El Impacto Ambiental, definido como un daño, alteración o menoscabo de medio ambiente o alguno de los elementos que lo componen, requiere una valoración cualitativa y cuantitativa; el primer aspecto se indica de manera directa en el sentido que se explica cuáles son los principales elementos ambientales afectados, siendo estos los más visibles de describir, como son la vegetación, el suelo, el aire, el agua, así como algunos servicios ambientales evaluables, sin embargo, esta valoración es meramente explícita, ya que en la actualidad no existen parámetros o valores intrínsecos que permitan evaluar en un rango específico el grado o nivel de los impactos ambientales.

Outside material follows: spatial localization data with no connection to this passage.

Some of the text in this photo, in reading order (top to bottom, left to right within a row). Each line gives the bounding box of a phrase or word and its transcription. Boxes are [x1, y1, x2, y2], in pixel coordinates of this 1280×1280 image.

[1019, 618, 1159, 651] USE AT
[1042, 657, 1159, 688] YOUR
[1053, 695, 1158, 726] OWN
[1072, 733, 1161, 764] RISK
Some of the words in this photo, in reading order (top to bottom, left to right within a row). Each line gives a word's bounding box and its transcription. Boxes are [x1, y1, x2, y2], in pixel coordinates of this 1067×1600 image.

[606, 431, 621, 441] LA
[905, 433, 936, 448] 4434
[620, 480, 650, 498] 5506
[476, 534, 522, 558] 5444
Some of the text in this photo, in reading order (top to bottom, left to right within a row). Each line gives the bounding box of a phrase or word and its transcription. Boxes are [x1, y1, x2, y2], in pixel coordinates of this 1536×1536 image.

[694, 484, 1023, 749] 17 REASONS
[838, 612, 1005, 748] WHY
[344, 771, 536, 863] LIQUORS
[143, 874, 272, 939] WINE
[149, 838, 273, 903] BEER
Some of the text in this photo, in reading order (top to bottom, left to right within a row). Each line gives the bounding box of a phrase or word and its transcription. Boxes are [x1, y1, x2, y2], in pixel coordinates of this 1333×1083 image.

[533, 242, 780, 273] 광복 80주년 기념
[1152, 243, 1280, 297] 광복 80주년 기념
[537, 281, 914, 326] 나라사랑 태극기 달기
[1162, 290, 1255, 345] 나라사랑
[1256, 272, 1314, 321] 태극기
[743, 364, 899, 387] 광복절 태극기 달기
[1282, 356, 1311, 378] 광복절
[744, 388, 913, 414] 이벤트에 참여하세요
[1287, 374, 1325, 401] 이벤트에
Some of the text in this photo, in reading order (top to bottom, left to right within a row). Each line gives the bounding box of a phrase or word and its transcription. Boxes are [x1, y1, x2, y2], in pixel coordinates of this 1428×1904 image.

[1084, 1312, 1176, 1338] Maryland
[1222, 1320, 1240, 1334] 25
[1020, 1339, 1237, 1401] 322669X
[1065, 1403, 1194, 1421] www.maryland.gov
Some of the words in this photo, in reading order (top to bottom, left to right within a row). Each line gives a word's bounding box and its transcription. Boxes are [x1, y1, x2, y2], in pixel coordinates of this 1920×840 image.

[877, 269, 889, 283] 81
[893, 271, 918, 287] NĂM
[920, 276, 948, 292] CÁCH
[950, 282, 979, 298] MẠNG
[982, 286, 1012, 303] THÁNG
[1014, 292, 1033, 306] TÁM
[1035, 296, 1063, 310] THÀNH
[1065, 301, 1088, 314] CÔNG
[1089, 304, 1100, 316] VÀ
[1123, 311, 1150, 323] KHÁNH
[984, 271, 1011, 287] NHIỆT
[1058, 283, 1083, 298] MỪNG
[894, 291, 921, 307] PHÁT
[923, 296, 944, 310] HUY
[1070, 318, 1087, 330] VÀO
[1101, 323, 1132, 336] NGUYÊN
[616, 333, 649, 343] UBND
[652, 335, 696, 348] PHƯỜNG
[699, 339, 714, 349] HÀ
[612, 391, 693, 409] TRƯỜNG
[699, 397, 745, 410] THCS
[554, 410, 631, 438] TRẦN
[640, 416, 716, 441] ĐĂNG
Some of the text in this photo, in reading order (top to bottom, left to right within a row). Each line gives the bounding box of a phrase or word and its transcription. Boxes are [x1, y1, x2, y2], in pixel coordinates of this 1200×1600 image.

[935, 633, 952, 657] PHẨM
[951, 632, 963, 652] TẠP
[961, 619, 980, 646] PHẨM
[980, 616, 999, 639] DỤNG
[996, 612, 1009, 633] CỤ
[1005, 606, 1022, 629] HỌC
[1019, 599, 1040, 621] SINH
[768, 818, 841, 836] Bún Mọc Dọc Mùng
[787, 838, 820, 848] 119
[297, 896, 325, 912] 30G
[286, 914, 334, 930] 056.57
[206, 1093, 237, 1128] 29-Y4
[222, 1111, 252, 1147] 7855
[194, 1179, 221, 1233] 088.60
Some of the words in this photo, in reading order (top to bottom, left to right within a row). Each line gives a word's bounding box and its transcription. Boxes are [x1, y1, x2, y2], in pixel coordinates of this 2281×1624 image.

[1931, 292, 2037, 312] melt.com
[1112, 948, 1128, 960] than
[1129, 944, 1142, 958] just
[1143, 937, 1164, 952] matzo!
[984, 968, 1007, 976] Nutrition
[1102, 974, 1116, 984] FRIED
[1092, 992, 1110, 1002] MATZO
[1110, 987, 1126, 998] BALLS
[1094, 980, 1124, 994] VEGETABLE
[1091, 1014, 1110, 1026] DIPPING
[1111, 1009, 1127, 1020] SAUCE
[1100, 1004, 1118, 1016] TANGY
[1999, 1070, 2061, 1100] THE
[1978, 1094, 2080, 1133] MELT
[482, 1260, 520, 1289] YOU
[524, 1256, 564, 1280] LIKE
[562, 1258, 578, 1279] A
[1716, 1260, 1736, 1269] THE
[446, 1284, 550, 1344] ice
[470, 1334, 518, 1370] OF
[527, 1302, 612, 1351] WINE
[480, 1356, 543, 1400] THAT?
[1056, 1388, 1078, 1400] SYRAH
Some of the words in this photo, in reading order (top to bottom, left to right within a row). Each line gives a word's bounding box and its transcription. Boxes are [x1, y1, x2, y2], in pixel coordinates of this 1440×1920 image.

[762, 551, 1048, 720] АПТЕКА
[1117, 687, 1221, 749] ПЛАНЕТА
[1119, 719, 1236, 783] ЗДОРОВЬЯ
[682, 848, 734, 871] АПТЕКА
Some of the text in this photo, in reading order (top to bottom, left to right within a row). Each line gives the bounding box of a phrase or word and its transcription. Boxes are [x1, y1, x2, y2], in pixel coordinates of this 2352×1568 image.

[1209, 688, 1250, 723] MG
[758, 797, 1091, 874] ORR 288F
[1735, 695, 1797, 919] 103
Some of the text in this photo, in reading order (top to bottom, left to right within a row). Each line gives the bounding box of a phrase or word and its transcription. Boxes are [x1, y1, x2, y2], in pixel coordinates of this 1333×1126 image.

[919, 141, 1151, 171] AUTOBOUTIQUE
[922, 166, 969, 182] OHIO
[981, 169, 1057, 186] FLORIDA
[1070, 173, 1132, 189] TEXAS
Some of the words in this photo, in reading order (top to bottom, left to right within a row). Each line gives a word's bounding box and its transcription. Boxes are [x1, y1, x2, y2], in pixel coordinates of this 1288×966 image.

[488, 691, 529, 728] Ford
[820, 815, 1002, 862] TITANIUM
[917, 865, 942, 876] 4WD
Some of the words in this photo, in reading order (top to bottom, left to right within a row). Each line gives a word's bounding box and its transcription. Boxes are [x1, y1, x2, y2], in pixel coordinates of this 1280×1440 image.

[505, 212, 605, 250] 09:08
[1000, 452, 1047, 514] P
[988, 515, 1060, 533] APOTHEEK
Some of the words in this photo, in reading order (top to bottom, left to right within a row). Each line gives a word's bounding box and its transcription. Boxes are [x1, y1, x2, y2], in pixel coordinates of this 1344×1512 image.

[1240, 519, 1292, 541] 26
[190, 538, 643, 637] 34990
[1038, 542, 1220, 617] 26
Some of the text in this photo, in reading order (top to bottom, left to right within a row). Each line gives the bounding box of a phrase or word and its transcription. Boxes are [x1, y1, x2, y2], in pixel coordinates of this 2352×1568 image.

Mientras que la valoración cuantitativa se realiza de manera directa o indirecta, la primera, es en la que se realiza un estudio específico de las condiciones generales del lugar, los cuales son extrapolados al sitio afectado, sin embargo, este tipo de estudios son complejos, costosos y llevan mucho tiempo, por lo que la mayoría de las veces no son viables para los procesos penales y en general la realización de estos estudios no son financiados o realizables. La segunda forma es la valoración de manera indirecta, de la cual existen diferentes formas, siendo una de las más utilizadas la valoración económica de la reparación del daño, en la cual se realiza una cuantificación de los posibles elementos ambientales afectados y se valoran los costos de la reparación del daño, en cuanto a su recuperación al nivel en el cual se encontraban, o al menos, lo más posible antes de la afectación.

Ing. Ambiental Rosa Adriana Durán Núñez.